TASK GOAL — Your reply should reproduce all the data below exactly while excluding the pictures.

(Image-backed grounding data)
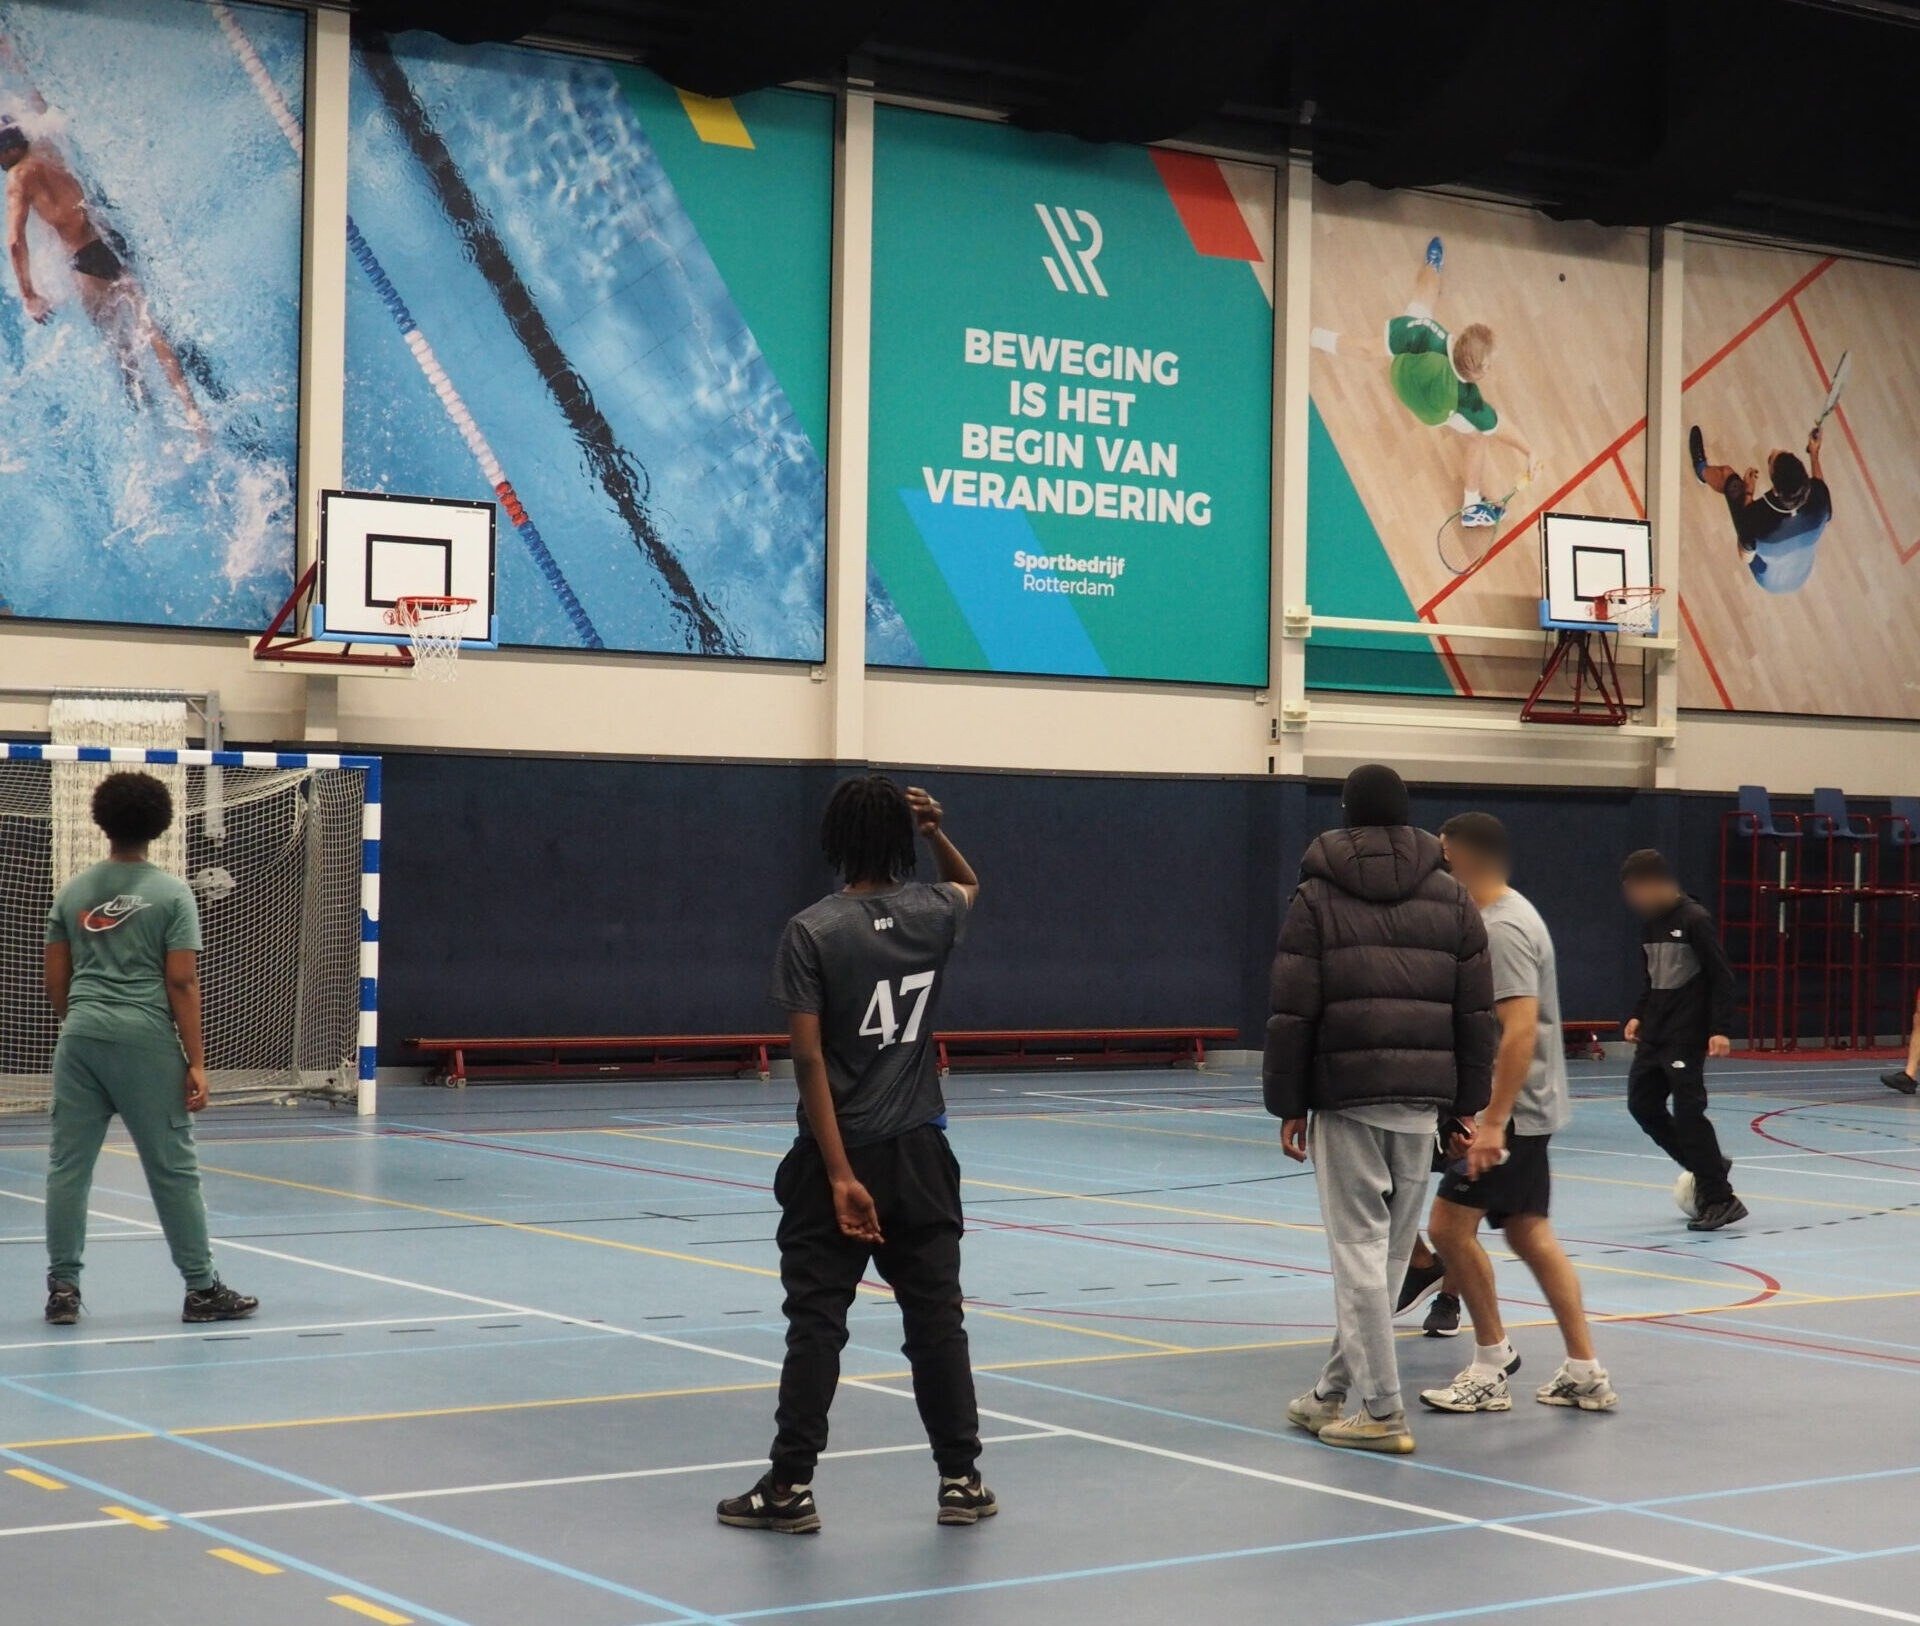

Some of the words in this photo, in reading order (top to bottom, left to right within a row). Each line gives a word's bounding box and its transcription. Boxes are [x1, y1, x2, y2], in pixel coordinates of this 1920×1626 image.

[965, 328, 1179, 386] BEWEGING
[1010, 380, 1047, 418] IS
[1058, 386, 1136, 427] HET
[962, 423, 1084, 469] BEGIN
[1095, 436, 1178, 478] VAN
[922, 466, 1211, 527] VERANDERING
[1013, 550, 1126, 578] Sportbedrijf
[1023, 574, 1115, 597] Rotterdam
[858, 970, 936, 1050] 47
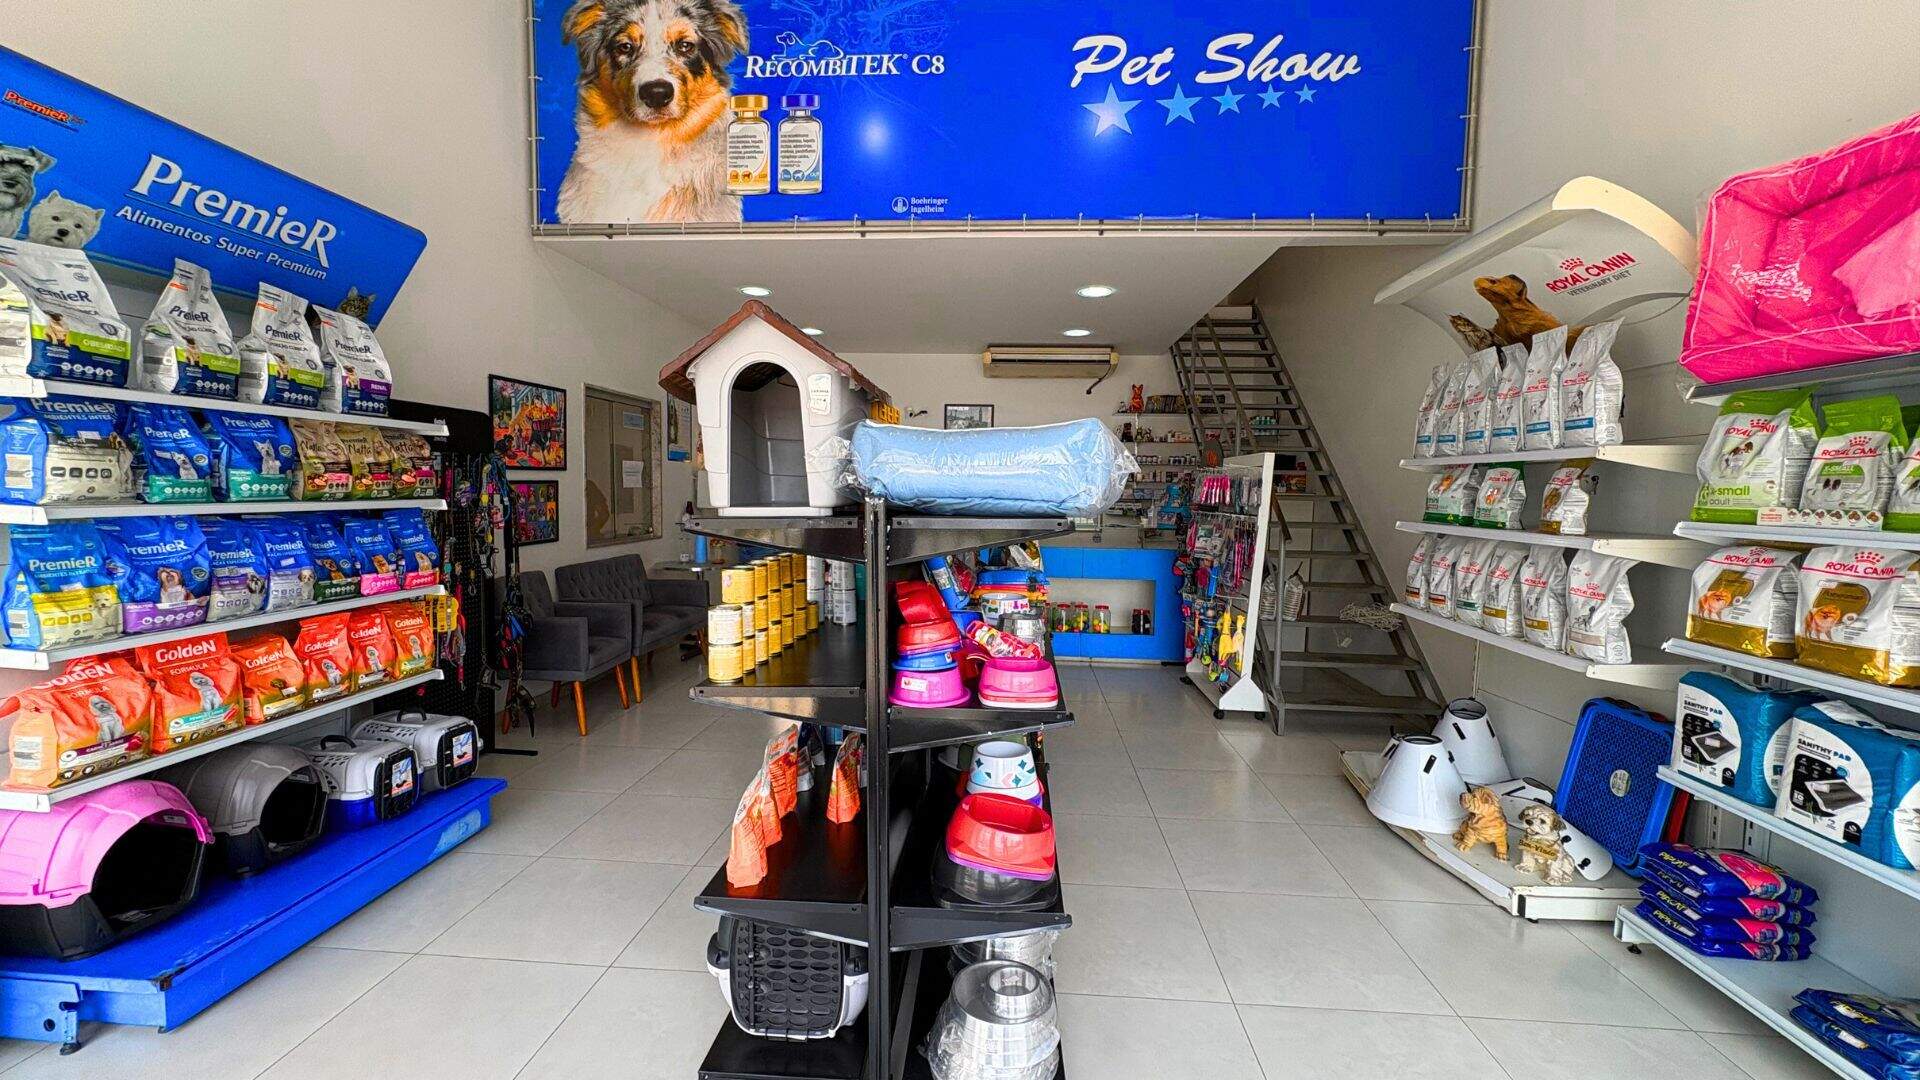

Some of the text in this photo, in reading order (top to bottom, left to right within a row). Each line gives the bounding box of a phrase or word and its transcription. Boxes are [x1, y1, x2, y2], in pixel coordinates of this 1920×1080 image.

RESULT —
Some of the words in this photo, in reading order (top to bottom, left to right within a row). Each line gives a word's bounding box and its transcription. Boxes are [x1, y1, x2, y2], in pixel coordinates of this 1920×1626 image.

[965, 328, 1179, 386] BEWEGING
[1010, 380, 1047, 418] IS
[1058, 386, 1136, 427] HET
[962, 423, 1084, 469] BEGIN
[1095, 436, 1178, 478] VAN
[922, 466, 1211, 527] VERANDERING
[1013, 550, 1126, 578] Sportbedrijf
[1023, 574, 1115, 597] Rotterdam
[858, 970, 936, 1050] 47

Some of the text in this photo, in reading order (top to bottom, left to right within a row). Each line gives the bounding box of a phrase or word and its transcription. Boxes are [x1, y1, x2, y2], in pixel coordinates of this 1920×1080 image.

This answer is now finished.